EXERCISE OBJECTIVE: The answer is to contain only the line containing "this 1636×1281 image." and the lines after it through the last one, each reproduced exactly as it appears below.

DATASET CONTENT:
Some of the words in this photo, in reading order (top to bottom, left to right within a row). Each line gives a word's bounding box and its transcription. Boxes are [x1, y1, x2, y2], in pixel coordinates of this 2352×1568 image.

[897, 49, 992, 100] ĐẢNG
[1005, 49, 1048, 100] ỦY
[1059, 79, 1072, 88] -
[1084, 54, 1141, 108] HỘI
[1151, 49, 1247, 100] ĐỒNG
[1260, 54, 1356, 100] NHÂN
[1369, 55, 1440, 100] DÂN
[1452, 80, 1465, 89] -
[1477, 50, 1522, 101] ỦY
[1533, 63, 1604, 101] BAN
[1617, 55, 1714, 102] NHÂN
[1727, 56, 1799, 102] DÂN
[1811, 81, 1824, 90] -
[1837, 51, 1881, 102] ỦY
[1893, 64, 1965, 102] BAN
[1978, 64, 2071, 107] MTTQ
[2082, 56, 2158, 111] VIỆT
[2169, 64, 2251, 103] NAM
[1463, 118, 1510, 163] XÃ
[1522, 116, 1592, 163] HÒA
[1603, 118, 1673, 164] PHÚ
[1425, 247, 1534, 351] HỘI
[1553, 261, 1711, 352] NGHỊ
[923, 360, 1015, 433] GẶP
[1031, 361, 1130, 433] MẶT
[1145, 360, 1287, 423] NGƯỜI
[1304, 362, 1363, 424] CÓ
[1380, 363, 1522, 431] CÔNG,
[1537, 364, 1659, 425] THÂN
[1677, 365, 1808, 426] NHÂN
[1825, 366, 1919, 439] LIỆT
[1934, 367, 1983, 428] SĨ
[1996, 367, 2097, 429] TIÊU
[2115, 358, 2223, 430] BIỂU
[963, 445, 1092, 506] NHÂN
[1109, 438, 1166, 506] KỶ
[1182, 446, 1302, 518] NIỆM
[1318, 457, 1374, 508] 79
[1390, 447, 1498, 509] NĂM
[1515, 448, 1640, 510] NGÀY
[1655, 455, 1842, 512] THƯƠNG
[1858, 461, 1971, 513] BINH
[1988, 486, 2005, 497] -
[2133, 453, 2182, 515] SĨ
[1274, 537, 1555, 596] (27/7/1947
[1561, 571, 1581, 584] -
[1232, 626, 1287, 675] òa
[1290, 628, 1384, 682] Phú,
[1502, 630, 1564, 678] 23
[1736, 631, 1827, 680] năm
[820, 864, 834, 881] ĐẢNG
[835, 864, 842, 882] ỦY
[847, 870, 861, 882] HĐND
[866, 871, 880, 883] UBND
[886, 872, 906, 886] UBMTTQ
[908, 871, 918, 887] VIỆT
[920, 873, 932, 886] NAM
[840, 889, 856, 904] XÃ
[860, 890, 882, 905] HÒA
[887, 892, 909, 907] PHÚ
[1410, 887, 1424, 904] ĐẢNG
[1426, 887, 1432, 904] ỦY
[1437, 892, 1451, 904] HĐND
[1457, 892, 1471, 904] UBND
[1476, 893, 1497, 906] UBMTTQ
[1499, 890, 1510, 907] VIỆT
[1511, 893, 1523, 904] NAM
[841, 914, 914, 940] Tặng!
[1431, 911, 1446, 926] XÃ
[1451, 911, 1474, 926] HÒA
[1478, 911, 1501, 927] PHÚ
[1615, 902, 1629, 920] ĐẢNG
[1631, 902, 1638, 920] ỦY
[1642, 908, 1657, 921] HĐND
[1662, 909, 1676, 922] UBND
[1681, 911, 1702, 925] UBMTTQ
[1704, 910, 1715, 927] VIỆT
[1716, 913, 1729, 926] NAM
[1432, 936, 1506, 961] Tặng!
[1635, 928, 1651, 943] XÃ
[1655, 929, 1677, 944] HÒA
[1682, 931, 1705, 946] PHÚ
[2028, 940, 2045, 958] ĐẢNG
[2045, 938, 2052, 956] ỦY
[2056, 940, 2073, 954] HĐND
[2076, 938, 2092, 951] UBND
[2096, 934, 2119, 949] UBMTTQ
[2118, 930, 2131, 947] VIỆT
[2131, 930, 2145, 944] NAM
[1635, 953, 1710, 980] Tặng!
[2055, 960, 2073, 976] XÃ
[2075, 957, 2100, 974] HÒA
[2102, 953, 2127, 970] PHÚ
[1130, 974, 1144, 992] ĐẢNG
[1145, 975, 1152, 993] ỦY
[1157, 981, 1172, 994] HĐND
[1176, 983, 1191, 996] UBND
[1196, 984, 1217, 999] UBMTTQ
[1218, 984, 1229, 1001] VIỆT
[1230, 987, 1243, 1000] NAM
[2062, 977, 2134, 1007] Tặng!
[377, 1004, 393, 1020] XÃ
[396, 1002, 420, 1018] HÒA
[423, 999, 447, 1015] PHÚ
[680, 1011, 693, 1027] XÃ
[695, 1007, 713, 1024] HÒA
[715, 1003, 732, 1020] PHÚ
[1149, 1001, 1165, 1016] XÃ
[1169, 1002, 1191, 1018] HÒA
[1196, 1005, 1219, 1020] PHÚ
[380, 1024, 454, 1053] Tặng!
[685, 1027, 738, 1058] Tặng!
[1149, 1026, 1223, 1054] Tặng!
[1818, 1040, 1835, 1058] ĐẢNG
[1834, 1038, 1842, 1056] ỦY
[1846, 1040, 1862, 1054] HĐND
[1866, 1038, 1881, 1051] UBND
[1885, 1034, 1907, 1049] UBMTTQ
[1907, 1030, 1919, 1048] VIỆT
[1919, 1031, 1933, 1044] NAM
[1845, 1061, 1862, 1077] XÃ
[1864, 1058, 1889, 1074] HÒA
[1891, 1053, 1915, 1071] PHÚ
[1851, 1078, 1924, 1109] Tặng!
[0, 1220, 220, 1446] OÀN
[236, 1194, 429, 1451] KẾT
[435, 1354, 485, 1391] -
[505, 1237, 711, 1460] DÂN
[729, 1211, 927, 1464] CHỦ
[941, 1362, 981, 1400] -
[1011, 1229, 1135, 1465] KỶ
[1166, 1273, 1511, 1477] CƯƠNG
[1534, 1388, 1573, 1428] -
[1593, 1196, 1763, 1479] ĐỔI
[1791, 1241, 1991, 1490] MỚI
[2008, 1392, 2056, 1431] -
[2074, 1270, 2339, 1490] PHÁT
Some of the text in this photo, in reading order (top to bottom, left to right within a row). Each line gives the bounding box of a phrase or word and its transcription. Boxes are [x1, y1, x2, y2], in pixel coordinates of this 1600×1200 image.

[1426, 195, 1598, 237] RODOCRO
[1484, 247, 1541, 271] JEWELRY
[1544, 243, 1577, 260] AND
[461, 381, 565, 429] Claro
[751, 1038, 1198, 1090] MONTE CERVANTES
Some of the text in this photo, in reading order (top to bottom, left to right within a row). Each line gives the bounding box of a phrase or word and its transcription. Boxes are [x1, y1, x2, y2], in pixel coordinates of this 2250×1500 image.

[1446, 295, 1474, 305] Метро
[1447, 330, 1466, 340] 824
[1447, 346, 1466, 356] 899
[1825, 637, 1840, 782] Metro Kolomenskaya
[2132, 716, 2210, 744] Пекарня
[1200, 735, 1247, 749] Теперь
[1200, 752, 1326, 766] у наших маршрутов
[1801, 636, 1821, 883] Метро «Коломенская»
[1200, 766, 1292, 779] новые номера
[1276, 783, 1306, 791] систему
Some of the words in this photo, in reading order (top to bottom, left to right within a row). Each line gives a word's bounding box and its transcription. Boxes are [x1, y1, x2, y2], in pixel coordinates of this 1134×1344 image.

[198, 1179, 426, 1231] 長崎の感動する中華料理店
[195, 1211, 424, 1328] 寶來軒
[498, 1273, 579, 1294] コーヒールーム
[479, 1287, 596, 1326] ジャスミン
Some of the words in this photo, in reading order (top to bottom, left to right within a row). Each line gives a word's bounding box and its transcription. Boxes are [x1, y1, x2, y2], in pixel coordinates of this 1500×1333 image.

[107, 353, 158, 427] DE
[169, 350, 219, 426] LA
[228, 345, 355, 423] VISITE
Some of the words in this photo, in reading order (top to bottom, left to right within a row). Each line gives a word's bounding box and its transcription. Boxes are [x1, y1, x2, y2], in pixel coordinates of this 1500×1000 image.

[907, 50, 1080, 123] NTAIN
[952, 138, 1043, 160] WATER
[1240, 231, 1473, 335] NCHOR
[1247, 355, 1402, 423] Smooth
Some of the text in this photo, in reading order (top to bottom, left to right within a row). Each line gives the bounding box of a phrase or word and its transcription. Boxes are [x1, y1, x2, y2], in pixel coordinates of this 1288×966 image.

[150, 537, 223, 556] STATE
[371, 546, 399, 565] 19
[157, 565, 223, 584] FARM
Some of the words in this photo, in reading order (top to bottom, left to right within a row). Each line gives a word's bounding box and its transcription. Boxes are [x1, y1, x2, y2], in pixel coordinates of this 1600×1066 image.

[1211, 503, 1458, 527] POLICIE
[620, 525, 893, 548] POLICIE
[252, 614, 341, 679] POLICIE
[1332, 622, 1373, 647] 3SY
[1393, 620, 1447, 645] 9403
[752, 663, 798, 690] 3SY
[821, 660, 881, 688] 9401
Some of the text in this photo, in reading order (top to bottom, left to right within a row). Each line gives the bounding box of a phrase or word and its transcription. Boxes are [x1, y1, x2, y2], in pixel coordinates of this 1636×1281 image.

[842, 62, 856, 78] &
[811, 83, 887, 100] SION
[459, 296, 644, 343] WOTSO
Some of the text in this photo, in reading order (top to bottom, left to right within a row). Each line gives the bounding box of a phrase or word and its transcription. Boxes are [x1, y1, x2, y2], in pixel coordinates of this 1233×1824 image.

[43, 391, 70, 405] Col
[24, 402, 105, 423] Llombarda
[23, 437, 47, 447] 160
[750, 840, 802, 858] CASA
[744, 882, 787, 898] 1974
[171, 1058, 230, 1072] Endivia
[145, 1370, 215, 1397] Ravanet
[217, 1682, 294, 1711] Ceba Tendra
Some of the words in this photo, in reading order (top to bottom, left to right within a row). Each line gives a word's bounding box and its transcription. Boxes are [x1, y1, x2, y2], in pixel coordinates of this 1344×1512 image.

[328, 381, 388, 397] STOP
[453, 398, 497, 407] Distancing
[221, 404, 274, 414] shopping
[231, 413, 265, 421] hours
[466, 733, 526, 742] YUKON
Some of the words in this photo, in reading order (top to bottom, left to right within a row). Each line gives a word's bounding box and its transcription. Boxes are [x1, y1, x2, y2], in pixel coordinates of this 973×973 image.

ANSWER BOX:
Some of the text in this photo, in reading order (top to bottom, left to right within a row). Each line gives the bounding box of a phrase or word and its transcription. Boxes are [x1, y1, x2, y2], in pixel coordinates of this 1636×1281 image.

[842, 62, 856, 78] &
[811, 83, 887, 100] SION
[459, 296, 644, 343] WOTSO
Some of the text in this photo, in reading order (top to bottom, left to right within a row). Each line gives the bounding box of a phrase or word and its transcription. Boxes are [x1, y1, x2, y2], in pixel coordinates of this 1233×1824 image.

[43, 391, 70, 405] Col
[24, 402, 105, 423] Llombarda
[23, 437, 47, 447] 160
[750, 840, 802, 858] CASA
[744, 882, 787, 898] 1974
[171, 1058, 230, 1072] Endivia
[145, 1370, 215, 1397] Ravanet
[217, 1682, 294, 1711] Ceba Tendra
Some of the words in this photo, in reading order (top to bottom, left to right within a row). Each line gives a word's bounding box and its transcription. Boxes are [x1, y1, x2, y2], in pixel coordinates of this 1344×1512 image.

[328, 381, 388, 397] STOP
[453, 398, 497, 407] Distancing
[221, 404, 274, 414] shopping
[231, 413, 265, 421] hours
[466, 733, 526, 742] YUKON
Some of the words in this photo, in reading order (top to bottom, left to right within a row). Each line gives a word's bounding box and its transcription. Boxes are [x1, y1, x2, y2], in pixel coordinates of this 973×973 image.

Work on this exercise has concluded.